The winter months are finally behind us and with the changing of the seasons, the time has come to start thinking about all the lawn and garden projects that need to be taken care of during the springtime.

This means that retailers such as Home Depot ( HD ) and Lowe's ( LOW ) are gearing up for a couple very busy months. It is very important time of year for these retailers. In both cases, these stocks earn more during the second quarter than any other, so it can make or break their total annual earnings.

Both of the companies are what are known as consumer discretionary stocks. That means for the most part, you do not have to buy the products that they sell. Of course, if you toilet breaks, you certainly will have to run into your local Home Deport or other hardware store to replace it, but as far as home improvement projects go, you really do not have to do upgrade that light fixture or plant that flowerbed in your backyard.                                                                                                              

If you want a pretty yard, sure you can spend the money it takes to keep your neighbors jealous, but you will not die one way or the other. This is why I am not the biggest fan of discretionary stocks. They are not as reliable as consumer staples, which are companies that sell products you have to have, such as toilet paper or laundry detergent. These are the goods that you are unable, or at least unwilling to go without, regardless of your current economic situation.

While I am not the biggest fan of consumer discretionary stocks, I do see strength in them at the current time. One only needs to look at a one-year chart on Consumer Discretionary Select Sector SPDR ( XLY ).

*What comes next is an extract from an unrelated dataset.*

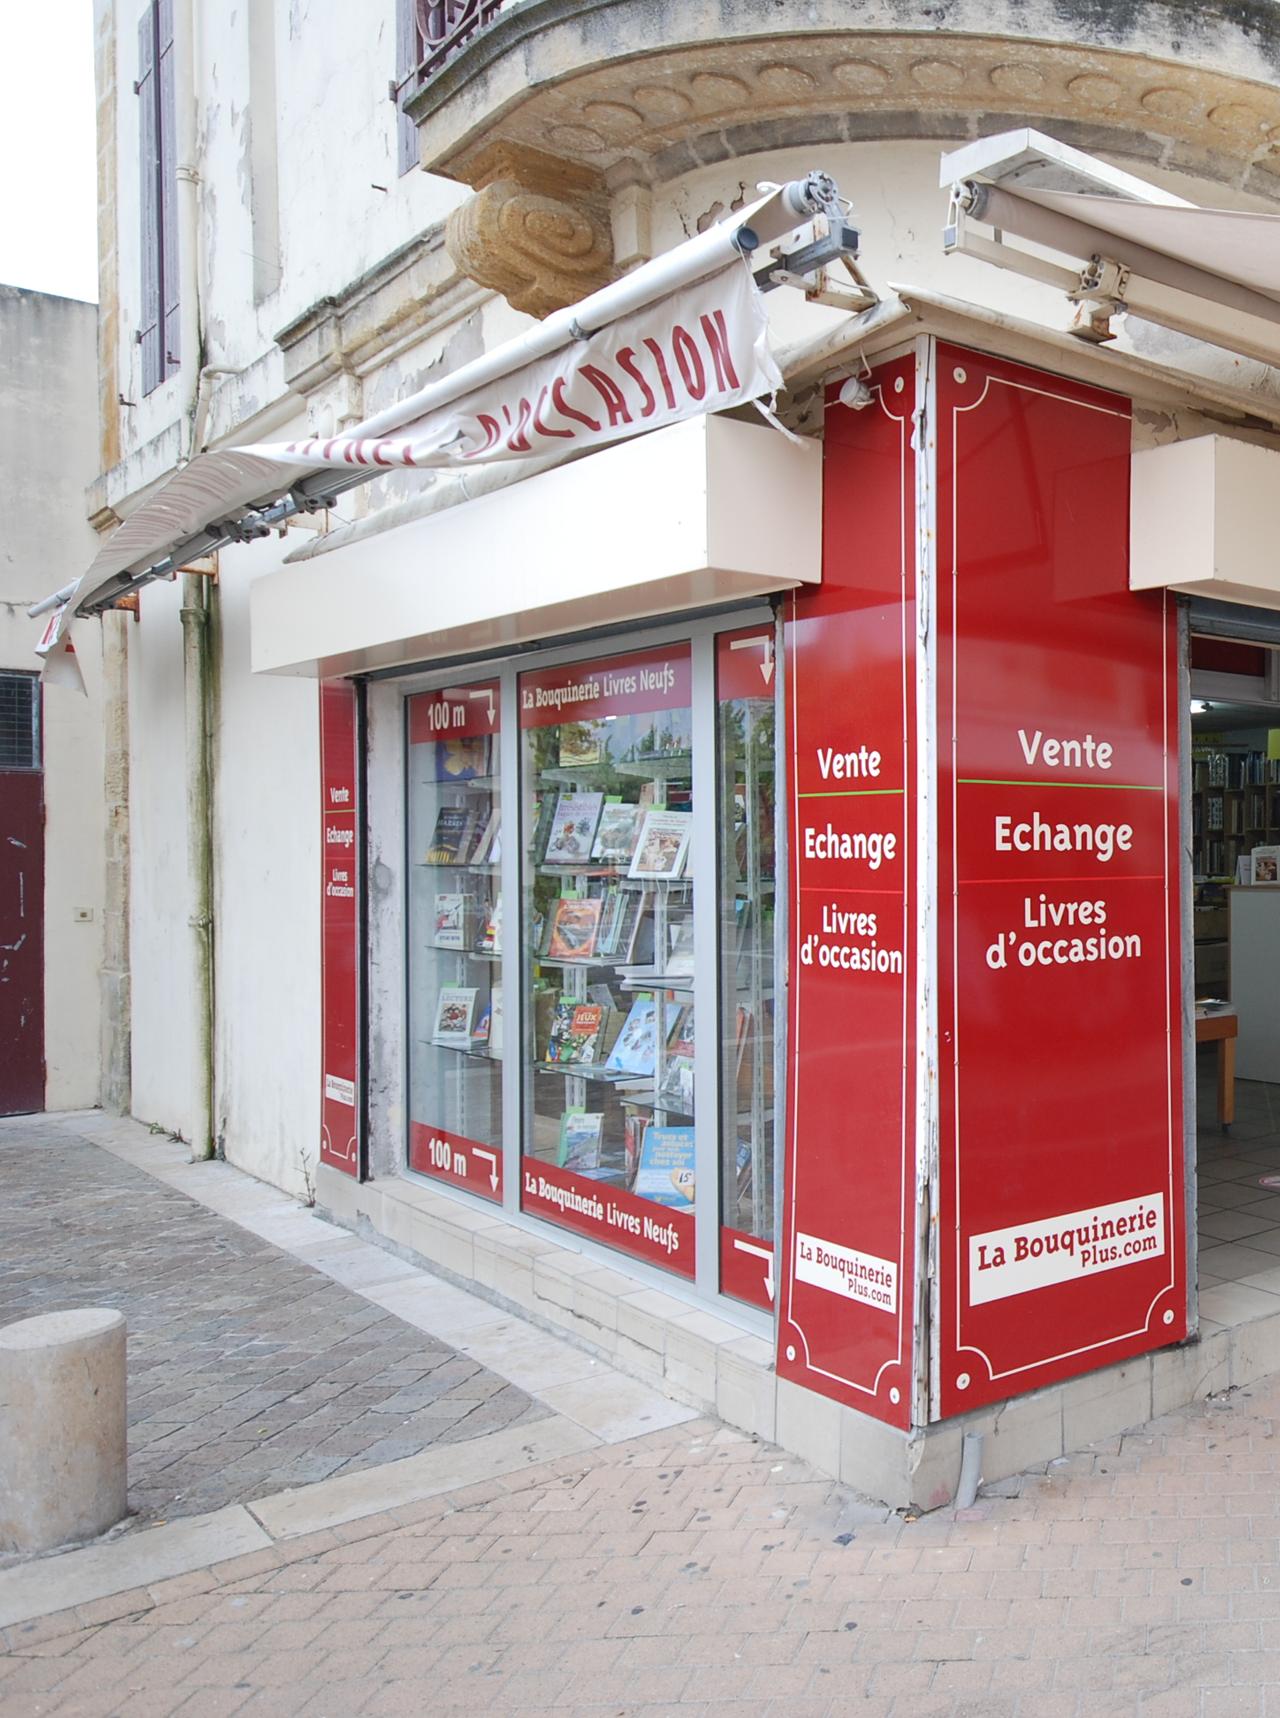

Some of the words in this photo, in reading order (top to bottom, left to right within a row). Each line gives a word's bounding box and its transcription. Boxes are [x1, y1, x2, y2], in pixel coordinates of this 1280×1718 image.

It has come down a bit in recent weeks, but the overall trend is strong.

Chart courtesy of stockcharts.com

This ETF is not going to move simply because we are headed into the spring and summer months, but it does contain a lot of companies that benefit from the changing of the seasons. Home Depot and Lowe's, which we have already discussed, make up 8% of the fund. In addition, other stocks in the fund's top ten holdings include Walt Disney ( DIS ) and Priceline.com ( PCLN ), both of which gain from increased tourism in the warmer months. Also among its top ten is Nike (NKE), which sells a lot of gear for summer sports.

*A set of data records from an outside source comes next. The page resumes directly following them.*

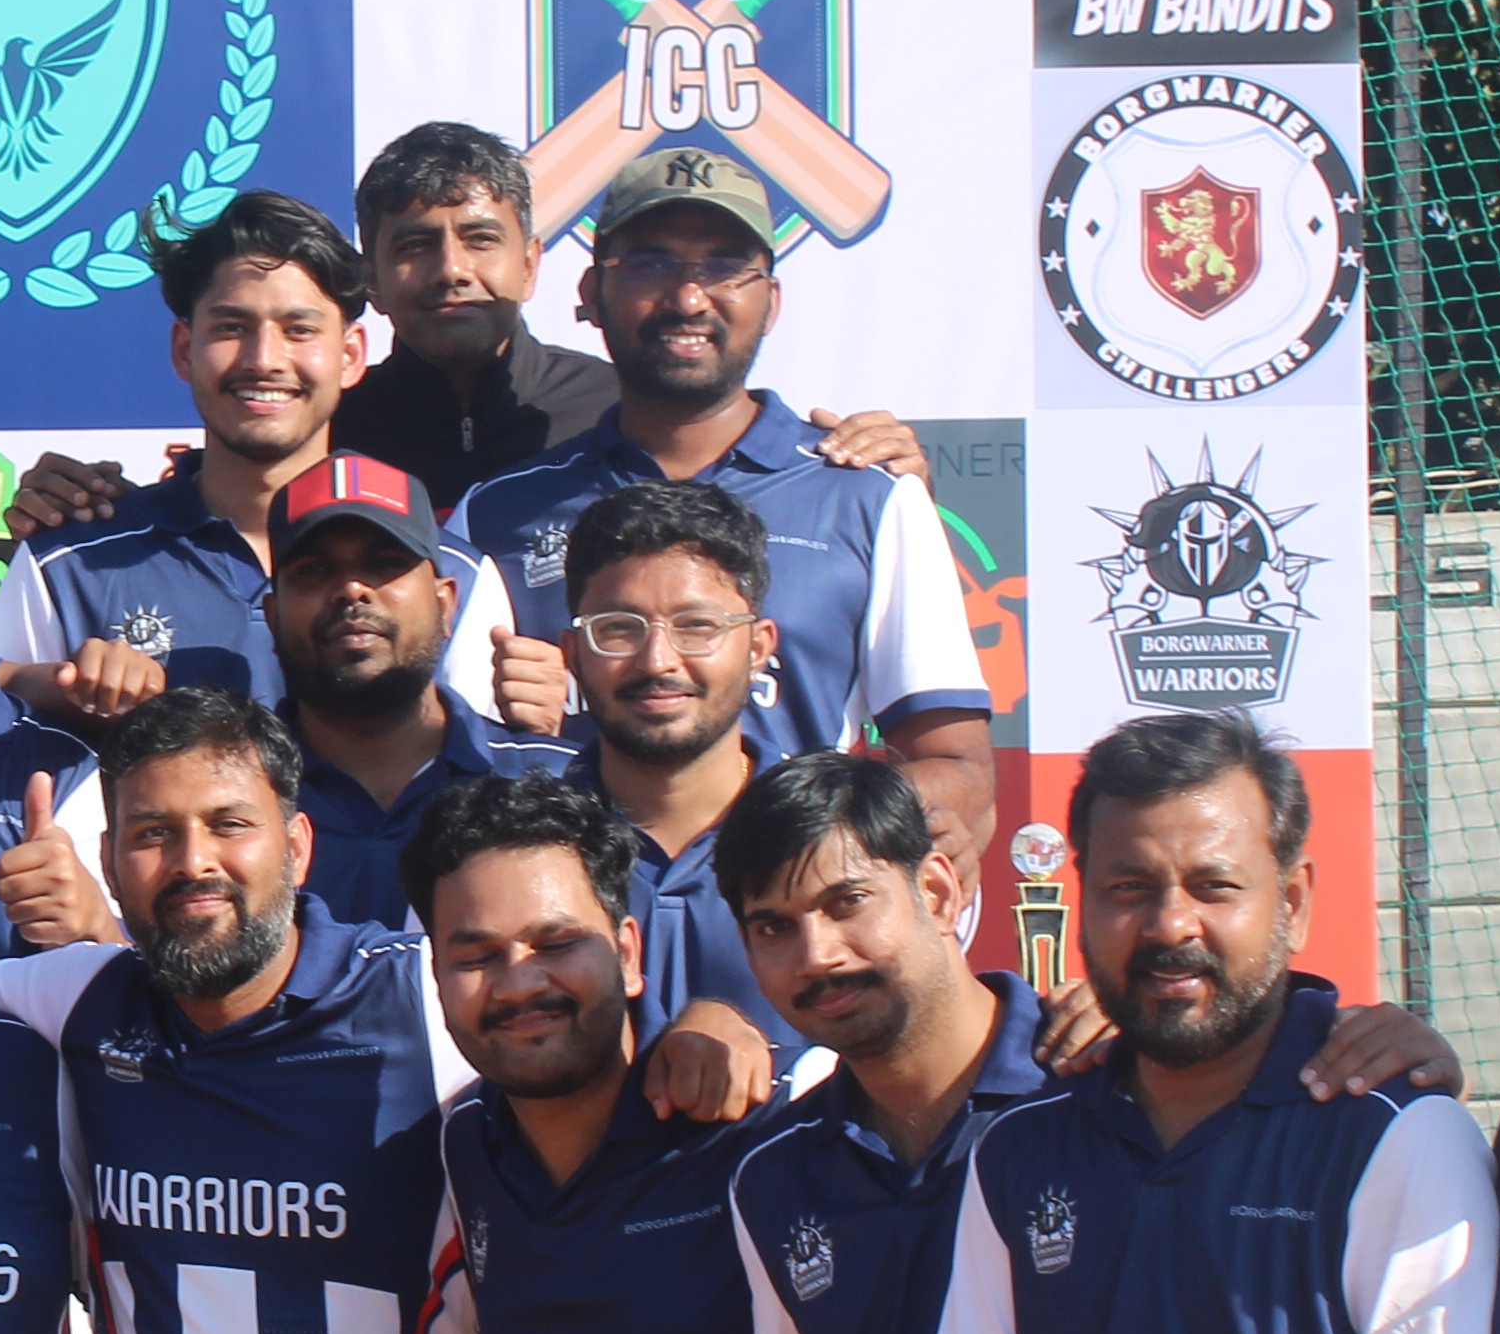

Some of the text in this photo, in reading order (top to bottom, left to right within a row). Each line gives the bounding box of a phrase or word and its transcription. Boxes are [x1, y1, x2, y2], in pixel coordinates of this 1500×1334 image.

[619, 24, 762, 133] ICC
[1072, 75, 1328, 164] BORGWARNER
[1096, 339, 1312, 400] CHALLENGERS
[1141, 634, 1269, 652] BORGWARNER
[1134, 667, 1278, 691] WARRIORS
[95, 1164, 348, 1240] WARRIORS

As I already mentioned, I am not in love with this sector, but even so I have to admit that there are some reasons to be bullish. The Conference Board recently announced its March consumer confidence reading, which is at its highest level since before the recession. Most economists agree that the economy will continue to gradually improve through the remainder of the year, so it stands to reason that consumer confidence will also improve, and keep strength in the consumer discretionary sector.

Since I see both pros and cons in the sector, I would want to make sure that any position I took would be both hedged and diversified. The perfect way to accomplish both of these things would be to set up a hedged option trade on XLY. The fund is diversified over a wide range of stocks, and using options we can successful hedge our investment just in case things take a turn for the worse.

One potential hedged trade on XLY would be the June 58/61 bull-put credit spread. In order to set up this trade, you would sell the June 61 put while buying the same number of June 58 puts for a credit of 25 cents. The trade has a target return of 9.1%, which is 39.0% on an annualized basis (for comparison purposes only). XLY is currently trading at $64.53, so the trade has built in downside protection of 5.1%.

The views and opinions expressed herein are the views and opinions of the author and do not necessarily reflect those of Nasdaq, Inc.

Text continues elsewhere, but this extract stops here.